:: INSTRUCTIONS TO FOLLOW ::
Copy the records below exactly. Include all of them.

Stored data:
● ● ● ●
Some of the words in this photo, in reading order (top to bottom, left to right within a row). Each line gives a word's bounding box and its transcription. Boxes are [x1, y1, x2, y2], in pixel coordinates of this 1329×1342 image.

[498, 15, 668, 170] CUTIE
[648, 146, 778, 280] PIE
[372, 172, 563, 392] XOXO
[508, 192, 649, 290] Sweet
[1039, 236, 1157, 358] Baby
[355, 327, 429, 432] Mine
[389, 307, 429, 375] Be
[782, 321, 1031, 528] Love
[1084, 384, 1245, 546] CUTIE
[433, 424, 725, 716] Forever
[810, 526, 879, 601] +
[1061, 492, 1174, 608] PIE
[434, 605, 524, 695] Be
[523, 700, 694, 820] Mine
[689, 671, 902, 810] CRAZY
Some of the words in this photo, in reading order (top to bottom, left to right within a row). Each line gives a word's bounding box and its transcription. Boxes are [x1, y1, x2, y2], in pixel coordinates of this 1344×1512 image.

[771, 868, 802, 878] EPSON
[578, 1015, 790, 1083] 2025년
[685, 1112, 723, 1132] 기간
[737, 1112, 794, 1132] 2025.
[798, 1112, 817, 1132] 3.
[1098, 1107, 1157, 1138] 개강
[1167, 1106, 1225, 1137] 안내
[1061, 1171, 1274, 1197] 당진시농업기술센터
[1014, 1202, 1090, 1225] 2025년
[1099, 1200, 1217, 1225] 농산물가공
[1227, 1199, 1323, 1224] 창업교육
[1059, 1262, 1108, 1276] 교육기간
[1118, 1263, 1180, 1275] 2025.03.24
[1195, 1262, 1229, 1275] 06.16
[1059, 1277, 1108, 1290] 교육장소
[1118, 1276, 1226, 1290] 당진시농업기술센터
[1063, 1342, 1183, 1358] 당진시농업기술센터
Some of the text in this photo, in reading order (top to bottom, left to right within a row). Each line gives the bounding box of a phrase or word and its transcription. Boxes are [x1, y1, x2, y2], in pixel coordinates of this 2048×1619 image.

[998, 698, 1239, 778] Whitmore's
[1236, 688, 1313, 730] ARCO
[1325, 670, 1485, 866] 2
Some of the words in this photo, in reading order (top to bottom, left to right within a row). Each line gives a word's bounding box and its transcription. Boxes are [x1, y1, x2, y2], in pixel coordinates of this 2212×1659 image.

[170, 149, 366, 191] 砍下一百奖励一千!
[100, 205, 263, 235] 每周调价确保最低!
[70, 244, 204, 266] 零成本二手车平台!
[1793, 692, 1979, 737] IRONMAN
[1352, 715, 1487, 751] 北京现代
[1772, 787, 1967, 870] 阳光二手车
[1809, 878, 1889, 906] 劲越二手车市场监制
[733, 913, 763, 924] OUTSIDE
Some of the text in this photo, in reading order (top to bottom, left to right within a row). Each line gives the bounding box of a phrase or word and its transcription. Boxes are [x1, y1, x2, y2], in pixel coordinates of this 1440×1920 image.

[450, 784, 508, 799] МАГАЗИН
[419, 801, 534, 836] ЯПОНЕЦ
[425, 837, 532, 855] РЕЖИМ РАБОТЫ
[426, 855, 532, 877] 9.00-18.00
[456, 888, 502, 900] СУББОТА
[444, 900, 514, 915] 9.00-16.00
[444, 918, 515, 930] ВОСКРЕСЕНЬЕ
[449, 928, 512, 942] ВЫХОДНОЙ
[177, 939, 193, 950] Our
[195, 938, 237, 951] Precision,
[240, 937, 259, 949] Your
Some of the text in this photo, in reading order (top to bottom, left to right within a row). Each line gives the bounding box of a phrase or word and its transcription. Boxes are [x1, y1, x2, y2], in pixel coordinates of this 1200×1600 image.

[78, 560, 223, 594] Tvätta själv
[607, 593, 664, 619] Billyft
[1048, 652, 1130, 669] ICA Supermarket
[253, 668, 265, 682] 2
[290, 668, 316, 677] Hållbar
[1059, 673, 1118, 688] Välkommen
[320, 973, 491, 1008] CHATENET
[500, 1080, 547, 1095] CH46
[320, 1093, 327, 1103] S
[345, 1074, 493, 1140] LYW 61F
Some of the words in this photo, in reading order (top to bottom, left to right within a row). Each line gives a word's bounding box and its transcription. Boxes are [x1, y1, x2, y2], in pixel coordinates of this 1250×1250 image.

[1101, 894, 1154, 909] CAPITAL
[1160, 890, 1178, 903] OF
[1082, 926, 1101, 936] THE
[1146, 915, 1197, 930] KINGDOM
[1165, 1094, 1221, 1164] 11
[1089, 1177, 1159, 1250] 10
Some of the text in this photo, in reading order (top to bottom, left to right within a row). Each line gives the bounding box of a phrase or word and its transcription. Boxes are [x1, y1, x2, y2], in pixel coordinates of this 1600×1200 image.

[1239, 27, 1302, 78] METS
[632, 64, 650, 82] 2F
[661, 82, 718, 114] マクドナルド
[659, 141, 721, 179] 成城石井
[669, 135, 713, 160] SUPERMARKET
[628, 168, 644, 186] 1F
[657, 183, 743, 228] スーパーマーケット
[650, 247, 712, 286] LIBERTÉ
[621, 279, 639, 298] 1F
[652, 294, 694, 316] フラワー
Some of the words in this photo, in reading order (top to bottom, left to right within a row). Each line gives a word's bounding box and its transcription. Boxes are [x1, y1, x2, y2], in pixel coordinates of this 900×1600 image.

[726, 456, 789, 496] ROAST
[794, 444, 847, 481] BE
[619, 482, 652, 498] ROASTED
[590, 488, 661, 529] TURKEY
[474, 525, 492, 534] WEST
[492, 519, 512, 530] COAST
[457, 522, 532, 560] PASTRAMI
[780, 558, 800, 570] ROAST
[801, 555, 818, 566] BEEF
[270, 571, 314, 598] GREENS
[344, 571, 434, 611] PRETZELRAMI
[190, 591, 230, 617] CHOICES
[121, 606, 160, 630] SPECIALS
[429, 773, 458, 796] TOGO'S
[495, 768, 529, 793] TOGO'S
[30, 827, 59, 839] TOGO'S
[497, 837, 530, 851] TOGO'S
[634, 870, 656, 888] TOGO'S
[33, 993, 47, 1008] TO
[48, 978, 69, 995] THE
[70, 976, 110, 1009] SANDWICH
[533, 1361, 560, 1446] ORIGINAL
● ● ● ●
:: RESPONSE ::
Some of the words in this photo, in reading order (top to bottom, left to right within a row). Each line gives a word's bounding box and its transcription. Boxes are [x1, y1, x2, y2], in pixel coordinates of this 1329×1342 image.

[498, 15, 668, 170] CUTIE
[648, 146, 778, 280] PIE
[372, 172, 563, 392] XOXO
[508, 192, 649, 290] Sweet
[1039, 236, 1157, 358] Baby
[355, 327, 429, 432] Mine
[389, 307, 429, 375] Be
[782, 321, 1031, 528] Love
[1084, 384, 1245, 546] CUTIE
[433, 424, 725, 716] Forever
[810, 526, 879, 601] +
[1061, 492, 1174, 608] PIE
[434, 605, 524, 695] Be
[523, 700, 694, 820] Mine
[689, 671, 902, 810] CRAZY
Some of the words in this photo, in reading order (top to bottom, left to right within a row). Each line gives a word's bounding box and its transcription. Boxes are [x1, y1, x2, y2], in pixel coordinates of this 1344×1512 image.

[771, 868, 802, 878] EPSON
[578, 1015, 790, 1083] 2025년
[685, 1112, 723, 1132] 기간
[737, 1112, 794, 1132] 2025.
[798, 1112, 817, 1132] 3.
[1098, 1107, 1157, 1138] 개강
[1167, 1106, 1225, 1137] 안내
[1061, 1171, 1274, 1197] 당진시농업기술센터
[1014, 1202, 1090, 1225] 2025년
[1099, 1200, 1217, 1225] 농산물가공
[1227, 1199, 1323, 1224] 창업교육
[1059, 1262, 1108, 1276] 교육기간
[1118, 1263, 1180, 1275] 2025.03.24
[1195, 1262, 1229, 1275] 06.16
[1059, 1277, 1108, 1290] 교육장소
[1118, 1276, 1226, 1290] 당진시농업기술센터
[1063, 1342, 1183, 1358] 당진시농업기술센터
Some of the text in this photo, in reading order (top to bottom, left to right within a row). Each line gives the bounding box of a phrase or word and its transcription. Boxes are [x1, y1, x2, y2], in pixel coordinates of this 2048×1619 image.

[998, 698, 1239, 778] Whitmore's
[1236, 688, 1313, 730] ARCO
[1325, 670, 1485, 866] 2
Some of the words in this photo, in reading order (top to bottom, left to right within a row). Each line gives a word's bounding box and its transcription. Boxes are [x1, y1, x2, y2], in pixel coordinates of this 2212×1659 image.

[170, 149, 366, 191] 砍下一百奖励一千!
[100, 205, 263, 235] 每周调价确保最低!
[70, 244, 204, 266] 零成本二手车平台!
[1793, 692, 1979, 737] IRONMAN
[1352, 715, 1487, 751] 北京现代
[1772, 787, 1967, 870] 阳光二手车
[1809, 878, 1889, 906] 劲越二手车市场监制
[733, 913, 763, 924] OUTSIDE
Some of the text in this photo, in reading order (top to bottom, left to right within a row). Each line gives the bounding box of a phrase or word and its transcription. Boxes are [x1, y1, x2, y2], in pixel coordinates of this 1440×1920 image.

[450, 784, 508, 799] МАГАЗИН
[419, 801, 534, 836] ЯПОНЕЦ
[425, 837, 532, 855] РЕЖИМ РАБОТЫ
[426, 855, 532, 877] 9.00-18.00
[456, 888, 502, 900] СУББОТА
[444, 900, 514, 915] 9.00-16.00
[444, 918, 515, 930] ВОСКРЕСЕНЬЕ
[449, 928, 512, 942] ВЫХОДНОЙ
[177, 939, 193, 950] Our
[195, 938, 237, 951] Precision,
[240, 937, 259, 949] Your
Some of the text in this photo, in reading order (top to bottom, left to right within a row). Each line gives the bounding box of a phrase or word and its transcription. Boxes are [x1, y1, x2, y2], in pixel coordinates of this 1200×1600 image.

[78, 560, 223, 594] Tvätta själv
[607, 593, 664, 619] Billyft
[1048, 652, 1130, 669] ICA Supermarket
[253, 668, 265, 682] 2
[290, 668, 316, 677] Hållbar
[1059, 673, 1118, 688] Välkommen
[320, 973, 491, 1008] CHATENET
[500, 1080, 547, 1095] CH46
[320, 1093, 327, 1103] S
[345, 1074, 493, 1140] LYW 61F
Some of the words in this photo, in reading order (top to bottom, left to right within a row). Each line gives a word's bounding box and its transcription. Boxes are [x1, y1, x2, y2], in pixel coordinates of this 1250×1250 image.

[1101, 894, 1154, 909] CAPITAL
[1160, 890, 1178, 903] OF
[1082, 926, 1101, 936] THE
[1146, 915, 1197, 930] KINGDOM
[1165, 1094, 1221, 1164] 11
[1089, 1177, 1159, 1250] 10
Some of the text in this photo, in reading order (top to bottom, left to right within a row). Each line gives the bounding box of a phrase or word and its transcription. Boxes are [x1, y1, x2, y2], in pixel coordinates of this 1600×1200 image.

[1239, 27, 1302, 78] METS
[632, 64, 650, 82] 2F
[661, 82, 718, 114] マクドナルド
[659, 141, 721, 179] 成城石井
[669, 135, 713, 160] SUPERMARKET
[628, 168, 644, 186] 1F
[657, 183, 743, 228] スーパーマーケット
[650, 247, 712, 286] LIBERTÉ
[621, 279, 639, 298] 1F
[652, 294, 694, 316] フラワー
Some of the words in this photo, in reading order (top to bottom, left to right within a row). Each line gives a word's bounding box and its transcription. Boxes are [x1, y1, x2, y2], in pixel coordinates of this 900×1600 image.

[726, 456, 789, 496] ROAST
[794, 444, 847, 481] BE
[619, 482, 652, 498] ROASTED
[590, 488, 661, 529] TURKEY
[474, 525, 492, 534] WEST
[492, 519, 512, 530] COAST
[457, 522, 532, 560] PASTRAMI
[780, 558, 800, 570] ROAST
[801, 555, 818, 566] BEEF
[270, 571, 314, 598] GREENS
[344, 571, 434, 611] PRETZELRAMI
[190, 591, 230, 617] CHOICES
[121, 606, 160, 630] SPECIALS
[429, 773, 458, 796] TOGO'S
[495, 768, 529, 793] TOGO'S
[30, 827, 59, 839] TOGO'S
[497, 837, 530, 851] TOGO'S
[634, 870, 656, 888] TOGO'S
[33, 993, 47, 1008] TO
[48, 978, 69, 995] THE
[70, 976, 110, 1009] SANDWICH
[533, 1361, 560, 1446] ORIGINAL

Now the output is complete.